Stored dataset items:
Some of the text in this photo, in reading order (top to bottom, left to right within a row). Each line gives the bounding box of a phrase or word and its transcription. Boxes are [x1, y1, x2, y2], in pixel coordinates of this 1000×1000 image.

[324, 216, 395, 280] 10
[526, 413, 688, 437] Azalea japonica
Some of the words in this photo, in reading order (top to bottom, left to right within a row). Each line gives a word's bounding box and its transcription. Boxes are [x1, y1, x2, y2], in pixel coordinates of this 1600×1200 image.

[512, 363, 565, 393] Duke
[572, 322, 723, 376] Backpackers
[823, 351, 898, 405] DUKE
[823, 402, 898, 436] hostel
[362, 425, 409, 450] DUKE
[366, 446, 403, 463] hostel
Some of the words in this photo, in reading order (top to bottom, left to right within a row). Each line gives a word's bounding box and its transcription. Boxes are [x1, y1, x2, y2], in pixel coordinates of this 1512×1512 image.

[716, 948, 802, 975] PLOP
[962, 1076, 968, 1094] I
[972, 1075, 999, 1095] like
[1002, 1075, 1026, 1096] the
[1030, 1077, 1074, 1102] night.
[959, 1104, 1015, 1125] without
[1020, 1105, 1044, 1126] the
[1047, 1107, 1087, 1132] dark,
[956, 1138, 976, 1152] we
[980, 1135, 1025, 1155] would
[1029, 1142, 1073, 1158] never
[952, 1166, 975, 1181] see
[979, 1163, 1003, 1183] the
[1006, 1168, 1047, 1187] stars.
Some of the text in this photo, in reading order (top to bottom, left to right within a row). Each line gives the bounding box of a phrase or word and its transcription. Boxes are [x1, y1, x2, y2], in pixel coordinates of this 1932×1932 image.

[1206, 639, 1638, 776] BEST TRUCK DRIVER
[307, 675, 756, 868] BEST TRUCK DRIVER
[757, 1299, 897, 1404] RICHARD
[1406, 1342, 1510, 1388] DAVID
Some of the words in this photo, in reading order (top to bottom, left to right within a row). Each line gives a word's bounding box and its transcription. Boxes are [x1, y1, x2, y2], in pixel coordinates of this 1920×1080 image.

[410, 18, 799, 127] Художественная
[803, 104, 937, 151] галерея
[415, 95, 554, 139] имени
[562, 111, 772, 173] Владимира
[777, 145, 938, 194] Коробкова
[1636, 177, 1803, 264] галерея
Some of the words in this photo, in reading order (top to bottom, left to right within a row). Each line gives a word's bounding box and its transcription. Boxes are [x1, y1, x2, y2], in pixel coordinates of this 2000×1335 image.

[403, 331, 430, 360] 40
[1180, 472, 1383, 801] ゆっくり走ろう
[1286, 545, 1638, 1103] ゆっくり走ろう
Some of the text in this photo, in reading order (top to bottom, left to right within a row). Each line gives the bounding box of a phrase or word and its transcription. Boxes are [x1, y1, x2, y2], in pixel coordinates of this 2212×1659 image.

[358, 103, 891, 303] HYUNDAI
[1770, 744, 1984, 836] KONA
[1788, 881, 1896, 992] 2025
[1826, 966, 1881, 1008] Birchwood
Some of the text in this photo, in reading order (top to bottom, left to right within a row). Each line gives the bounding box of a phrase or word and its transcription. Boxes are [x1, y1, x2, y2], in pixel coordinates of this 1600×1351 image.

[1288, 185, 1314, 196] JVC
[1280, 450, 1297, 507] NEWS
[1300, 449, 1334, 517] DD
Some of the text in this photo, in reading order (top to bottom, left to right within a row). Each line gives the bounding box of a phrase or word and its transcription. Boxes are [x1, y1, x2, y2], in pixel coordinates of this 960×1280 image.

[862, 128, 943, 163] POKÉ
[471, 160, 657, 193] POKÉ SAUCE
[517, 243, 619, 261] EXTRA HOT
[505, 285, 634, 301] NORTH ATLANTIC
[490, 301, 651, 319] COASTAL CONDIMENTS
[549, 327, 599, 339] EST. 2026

WHAT IS EXPECTED. The data above needs to be repeated exactly, line for line.

WRITTEN REPLY.
Some of the text in this photo, in reading order (top to bottom, left to right within a row). Each line gives the bounding box of a phrase or word and its transcription. Boxes are [x1, y1, x2, y2], in pixel coordinates of this 1000×1000 image.

[324, 216, 395, 280] 10
[526, 413, 688, 437] Azalea japonica
Some of the words in this photo, in reading order (top to bottom, left to right within a row). Each line gives a word's bounding box and its transcription. Boxes are [x1, y1, x2, y2], in pixel coordinates of this 1600×1200 image.

[512, 363, 565, 393] Duke
[572, 322, 723, 376] Backpackers
[823, 351, 898, 405] DUKE
[823, 402, 898, 436] hostel
[362, 425, 409, 450] DUKE
[366, 446, 403, 463] hostel
Some of the words in this photo, in reading order (top to bottom, left to right within a row). Each line gives a word's bounding box and its transcription. Boxes are [x1, y1, x2, y2], in pixel coordinates of this 1512×1512 image.

[716, 948, 802, 975] PLOP
[962, 1076, 968, 1094] I
[972, 1075, 999, 1095] like
[1002, 1075, 1026, 1096] the
[1030, 1077, 1074, 1102] night.
[959, 1104, 1015, 1125] without
[1020, 1105, 1044, 1126] the
[1047, 1107, 1087, 1132] dark,
[956, 1138, 976, 1152] we
[980, 1135, 1025, 1155] would
[1029, 1142, 1073, 1158] never
[952, 1166, 975, 1181] see
[979, 1163, 1003, 1183] the
[1006, 1168, 1047, 1187] stars.
Some of the text in this photo, in reading order (top to bottom, left to right within a row). Each line gives the bounding box of a phrase or word and its transcription. Boxes are [x1, y1, x2, y2], in pixel coordinates of this 1932×1932 image.

[1206, 639, 1638, 776] BEST TRUCK DRIVER
[307, 675, 756, 868] BEST TRUCK DRIVER
[757, 1299, 897, 1404] RICHARD
[1406, 1342, 1510, 1388] DAVID
Some of the words in this photo, in reading order (top to bottom, left to right within a row). Each line gives a word's bounding box and its transcription. Boxes are [x1, y1, x2, y2], in pixel coordinates of this 1920×1080 image.

[410, 18, 799, 127] Художественная
[803, 104, 937, 151] галерея
[415, 95, 554, 139] имени
[562, 111, 772, 173] Владимира
[777, 145, 938, 194] Коробкова
[1636, 177, 1803, 264] галерея
Some of the words in this photo, in reading order (top to bottom, left to right within a row). Each line gives a word's bounding box and its transcription. Boxes are [x1, y1, x2, y2], in pixel coordinates of this 2000×1335 image.

[403, 331, 430, 360] 40
[1180, 472, 1383, 801] ゆっくり走ろう
[1286, 545, 1638, 1103] ゆっくり走ろう
Some of the text in this photo, in reading order (top to bottom, left to right within a row). Each line gives the bounding box of a phrase or word and its transcription. Boxes are [x1, y1, x2, y2], in pixel coordinates of this 2212×1659 image.

[358, 103, 891, 303] HYUNDAI
[1770, 744, 1984, 836] KONA
[1788, 881, 1896, 992] 2025
[1826, 966, 1881, 1008] Birchwood
Some of the text in this photo, in reading order (top to bottom, left to right within a row). Each line gives the bounding box of a phrase or word and its transcription. Boxes are [x1, y1, x2, y2], in pixel coordinates of this 1600×1351 image.

[1288, 185, 1314, 196] JVC
[1280, 450, 1297, 507] NEWS
[1300, 449, 1334, 517] DD
Some of the text in this photo, in reading order (top to bottom, left to right within a row). Each line gives the bounding box of a phrase or word and its transcription. Boxes are [x1, y1, x2, y2], in pixel coordinates of this 960×1280 image.

[862, 128, 943, 163] POKÉ
[471, 160, 657, 193] POKÉ SAUCE
[517, 243, 619, 261] EXTRA HOT
[505, 285, 634, 301] NORTH ATLANTIC
[490, 301, 651, 319] COASTAL CONDIMENTS
[549, 327, 599, 339] EST. 2026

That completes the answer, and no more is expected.